# Steven Colberts new favorite horse is Mitt Romneys dressage horse.......lol



## legyield768 (Jul 24, 2011)

I just watched it, I could not stop laughing! I've always loved Colbert, and this just made me love him even more! 
_Posted via Mobile Device_


----------



## TristaJean (May 23, 2012)

So funny! I love Colbert so much! 
_Posted via Mobile Device_


----------



## flytobecat (Mar 28, 2010)

That is so not right


----------



## Poseidon (Oct 1, 2010)

:rofl: I love Stephen Colbert. My life would complete if he cheered like that at a dressage show.


----------



## RiddlesDarkAngel5 (Jun 2, 2009)

Im hoping he continues during the olympics. Our equestrian team's greatest asset would be a Colbert Bump


----------



## ThirteenAcres (Apr 27, 2012)

"So kid's, run out and get yourself a $100,000 Hanoverian. And start piaffing to the sountrack of 'Cocktail'." 

LOL

Oh gosh


----------



## ~*~anebel~*~ (Aug 21, 2008)

After this video, at the second weekend of Olympic qualifications, the organizers handed out a bunch of foam "Number 1" fingers and videoed it... 

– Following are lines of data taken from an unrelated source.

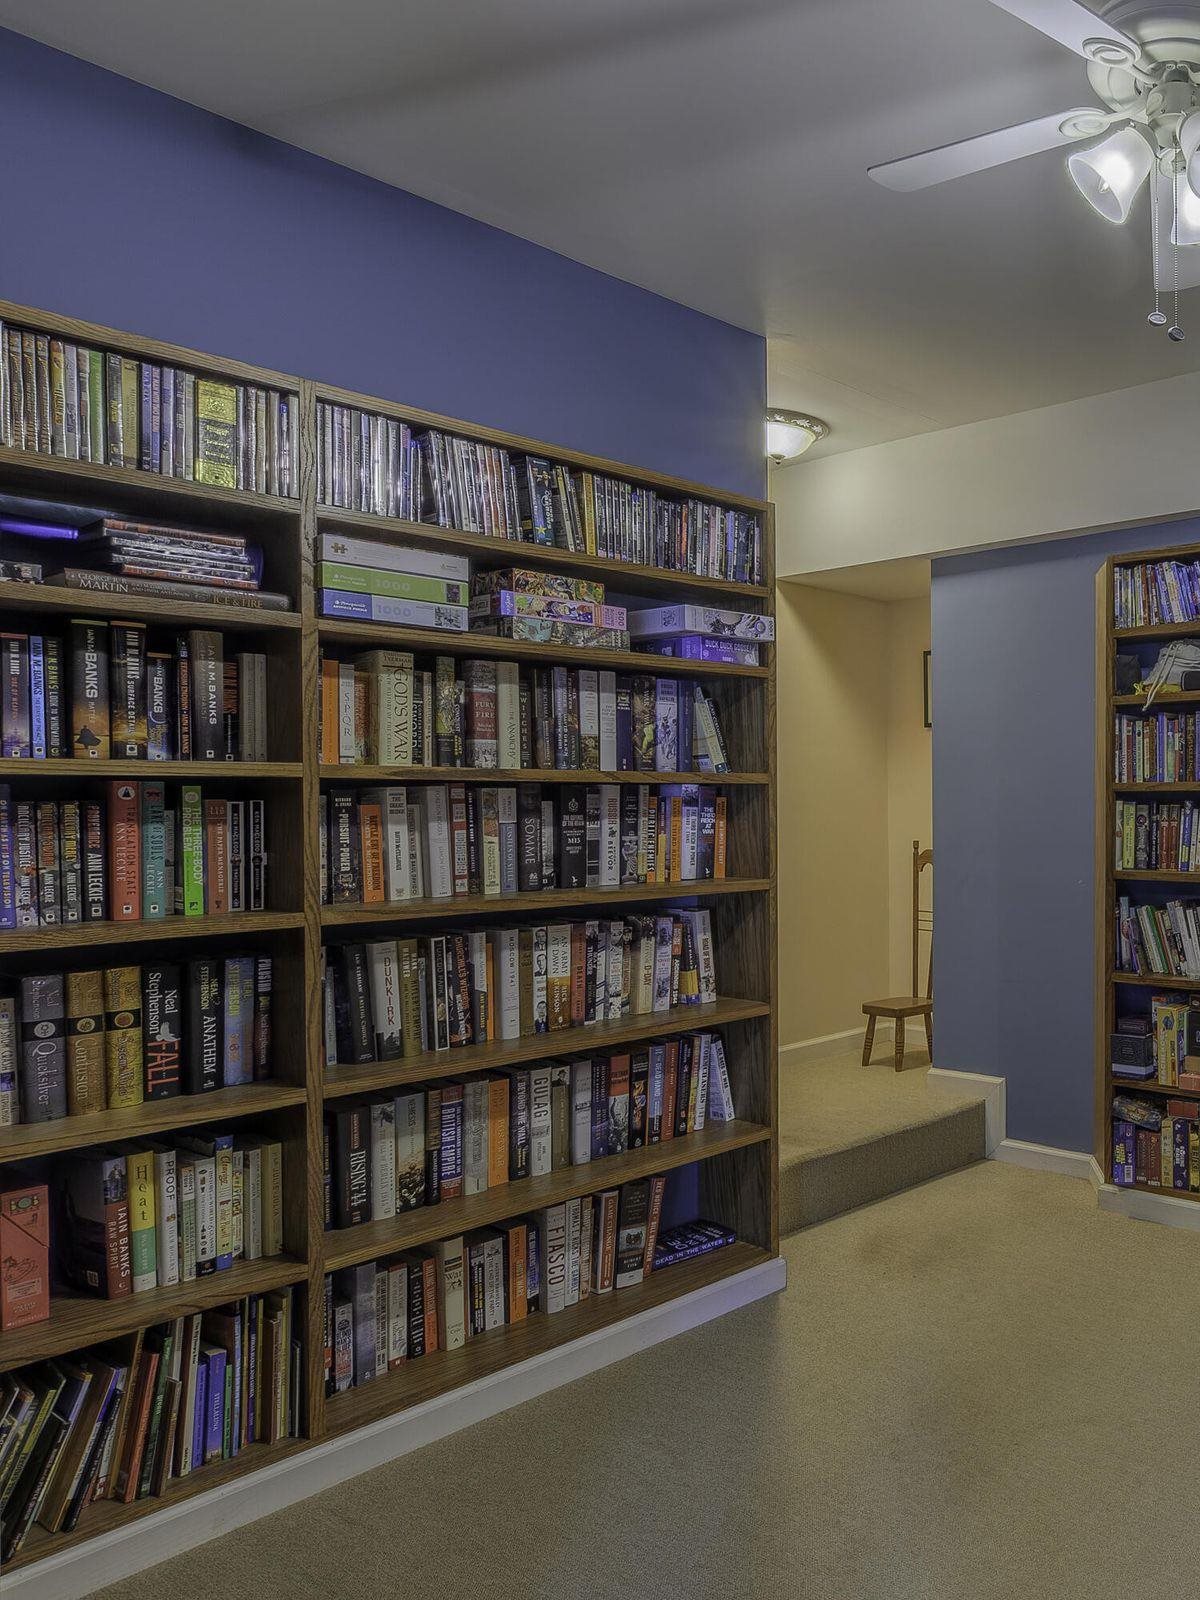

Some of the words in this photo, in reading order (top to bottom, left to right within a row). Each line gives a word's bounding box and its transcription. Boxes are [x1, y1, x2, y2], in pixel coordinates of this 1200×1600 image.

[79, 580, 129, 593] MARTIN
[214, 596, 230, 604] ICE
[242, 599, 263, 609] FIRE
[378, 605, 412, 617] 1000
[33, 642, 41, 657] IAIN
[33, 670, 42, 695] BANKS
[154, 677, 163, 713] BANKS
[393, 670, 408, 717] GOD'S
[394, 719, 408, 760] WAR
[507, 722, 515, 759] ANARCHY
[192, 808, 201, 824] THE
[608, 798, 617, 824] RUSSIA
[647, 810, 655, 837] PUBLIC
[116, 822, 125, 841] ANN
[126, 807, 135, 866] TRANSLATION
[183, 807, 191, 851] PROBLEM
[339, 814, 349, 844] PURSUIT
[525, 818, 535, 863] SOMME
[88, 853, 101, 872] ANN
[116, 847, 125, 882] LECKIE
[193, 829, 203, 885] THREE-BODY
[340, 848, 350, 871] POWER
[647, 841, 655, 871] ENEMIES
[21, 875, 30, 886] ANN
[45, 874, 53, 884] ANN
[67, 872, 76, 884] ANN
[89, 874, 102, 901] LECKIE
[127, 871, 135, 895] STATE
[21, 887, 30, 905] LECKIE
[45, 885, 54, 902] LECKIE
[68, 884, 76, 901] LECKIE
[552, 936, 559, 945] AT
[561, 936, 568, 948] AN
[455, 937, 465, 978] CHURCHILL'S
[201, 966, 209, 1010] STEPHENSON
[210, 979, 218, 999] NEAL
[229, 964, 240, 1016] STEPHENSON
[384, 957, 394, 1025] DUNKIRK
[146, 973, 162, 1034] Stephenson
[164, 990, 178, 1014] Neal
[204, 1015, 216, 1073] ANATHEM
[32, 1042, 58, 1105] Quicksilver
[75, 1038, 96, 1099] Confusion
[147, 1040, 180, 1092] FALL
[533, 1078, 548, 1118] GULAG
[442, 1108, 455, 1143] BRITISH
[518, 1111, 526, 1124] THE
[518, 1126, 526, 1145] WALL
[350, 1150, 366, 1190] RISING
[442, 1145, 456, 1176] EMPIRE
[137, 1165, 148, 1220] Heat
[166, 1161, 175, 1200] PROOF
[351, 1190, 366, 1206] '44
[117, 1207, 127, 1232] IAIN
[572, 1205, 580, 1228] THOMAS
[109, 1222, 117, 1239] RAW
[110, 1243, 118, 1270] SPIRIT
[120, 1237, 130, 1277] BANKS
[548, 1226, 564, 1285] FIASCO
[656, 1256, 673, 1265] DEAD
[702, 1239, 723, 1250] WATER
[571, 1270, 580, 1293] GAMBLE

Us dressage people do actually have a sense of humor!! The comments on the Gawker video are really, really awful.


----------



## Ink (Sep 25, 2009)

LOL my brother posted this on my facebook wall this weekend. I thought it was pretty funny. I've seen plenty of people at horse shows drinking a beer and wearing a baseball cap, but the foam finger is definitely new :lol:


----------



## ThursdayNext (Oct 18, 2011)




----------